Accomplishments Host of The Situation Room on CNN (weekdays at 4 p.m., Saturdays at 6 p.m.); lead political anchor for CNN’s prime-time coverage of the Republican and Democratic National Conventions
Base Washington, D.C.
What’s the first information you consume in the morning?
I go to my BlackBerry and I look at my email. A lot is junk, but some emails are really good. We have a CNN political ticker with all the major news of the day, a domestic note and an excellent international note. Then I get the first reads, Mike Allen’s Politico Playbook and all that.
What occupies your mind in the car, on the subway, train or bus?
I’m almost always on the phone on the way to work. I usually check in with some good sources, try to get ideas about what’s going on and learn a little bit more about the important stories.
Are you a TV junkie or on an airtime-restricted diet?
I’m what you would call a classic news junkie and a sports enthusiast.
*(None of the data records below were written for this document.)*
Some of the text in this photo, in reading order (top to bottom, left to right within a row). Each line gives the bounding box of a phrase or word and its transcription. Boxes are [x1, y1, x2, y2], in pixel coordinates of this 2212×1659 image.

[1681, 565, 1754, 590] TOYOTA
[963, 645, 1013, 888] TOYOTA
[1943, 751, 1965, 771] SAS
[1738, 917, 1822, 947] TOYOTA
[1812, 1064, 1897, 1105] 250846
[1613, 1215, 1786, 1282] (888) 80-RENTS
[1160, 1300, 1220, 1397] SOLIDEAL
I love the Washington Nationals and the Washington Wizards, and I love football, so I watch a lot of SportsCenter on ESPN. Lately, I’ve been watching The Newsroom on HBO. I’m always thinking, “That sounds pretty authentic” and “These characters could fit into The Situation Room,” or “That’s ridiculous, that could never happen.” But it’s entertaining, especially as a working journalist.
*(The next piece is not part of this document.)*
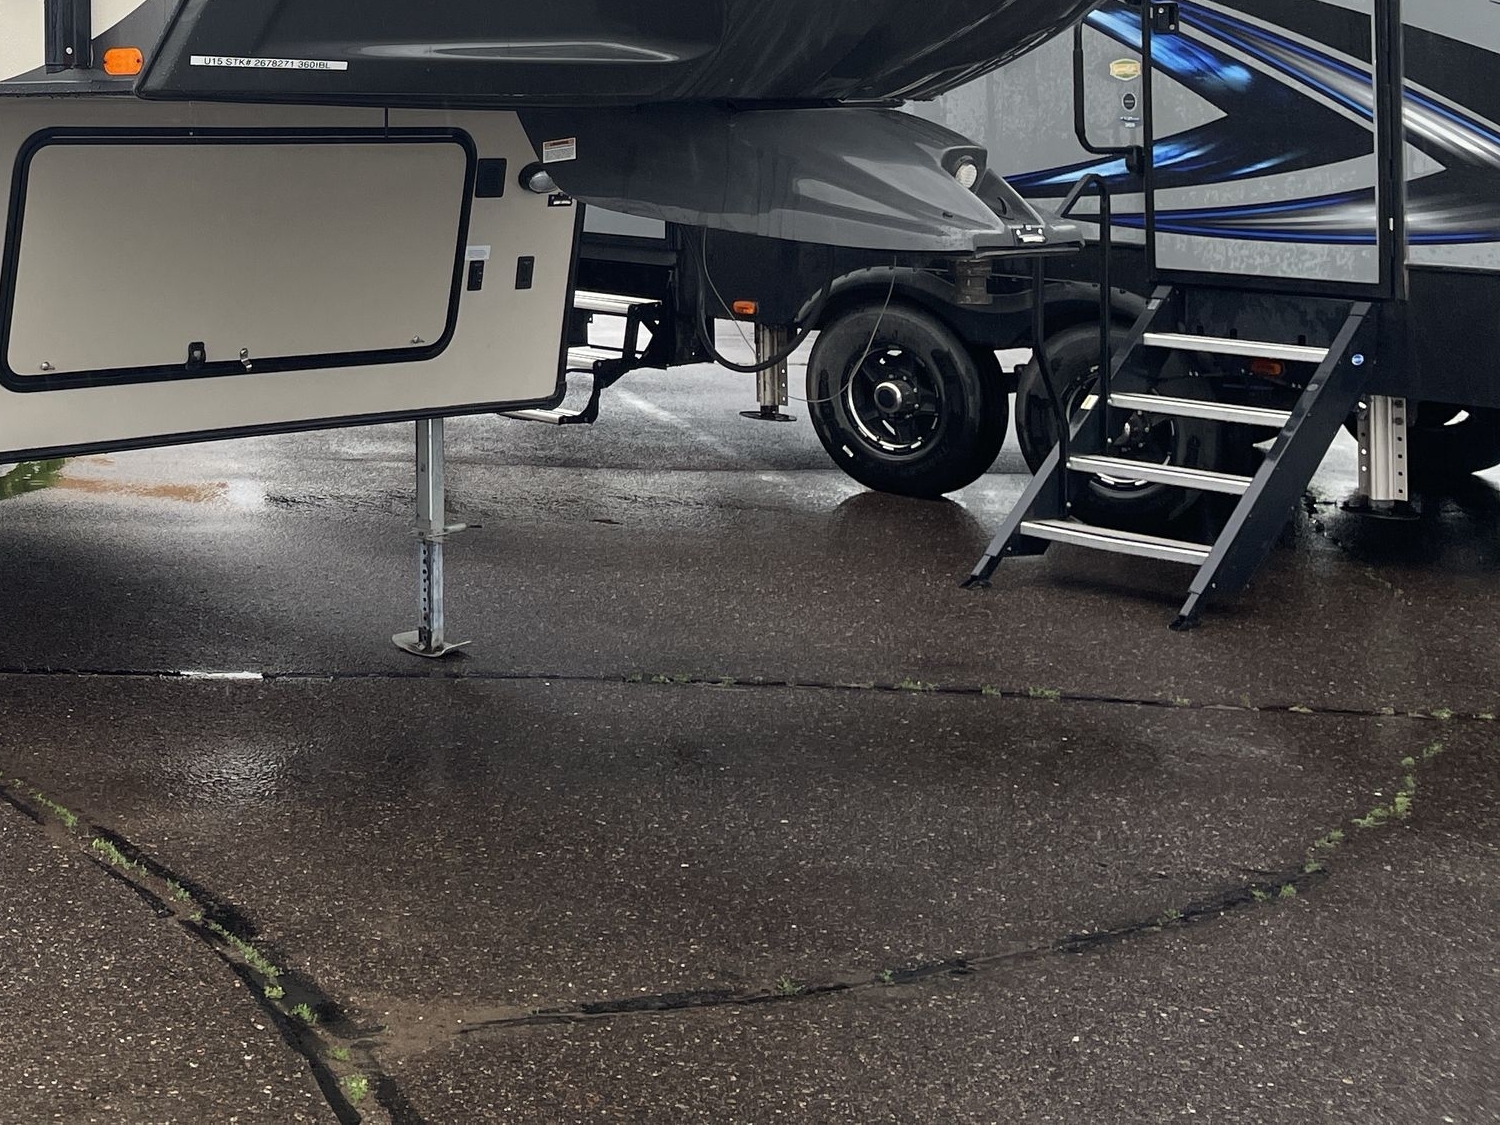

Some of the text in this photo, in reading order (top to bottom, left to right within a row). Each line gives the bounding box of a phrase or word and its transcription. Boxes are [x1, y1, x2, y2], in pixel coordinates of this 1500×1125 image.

[203, 57, 223, 65] U15
[225, 58, 252, 66] STK#
[254, 59, 294, 68] 2678271
What’s the most important digital tool when covering the conventions?
Between my laptop and my BlackBerry, I do most of my communicating and checking in. I spend a lot of time on Twitter. It’s a great way to get information, and it’s a great way to get reaction. If I make some technical mistake on air, within seconds I’m getting tweets from viewers, and I can correct it.
After a long day reporting at the conventions, how do you wind down?
I’ll usually be done at midnight, and we have a CNN Grill that’s open at least another hour or two. I’ll go over there and see some friends and relax a bit if I’m still pumped up and not ready to go back to the hotel and go to sleep.
Which is more nutritious: print or Web?
Right now, Web. All of the print stuff is on the Web, for all practical purposes. I grew up reading newspapers. When I was a boy, I read the Buffalo Courier-Express and the Evening News, and I still get The New York Times, The Washington Post and The Wall Street Journal every morning. But nowadays, I’m discovering that I’ve read most of the main articles the night before because they post on the Web a lot earlier.
With such a bloated media universe, how do you cut out the fat?
The only way to do it is to be selective. You can spend an hour working on one little story, or you can spend three days working on it—there’s so much material out there. In the end, you’ve just got to pick and choose and go with what you trust.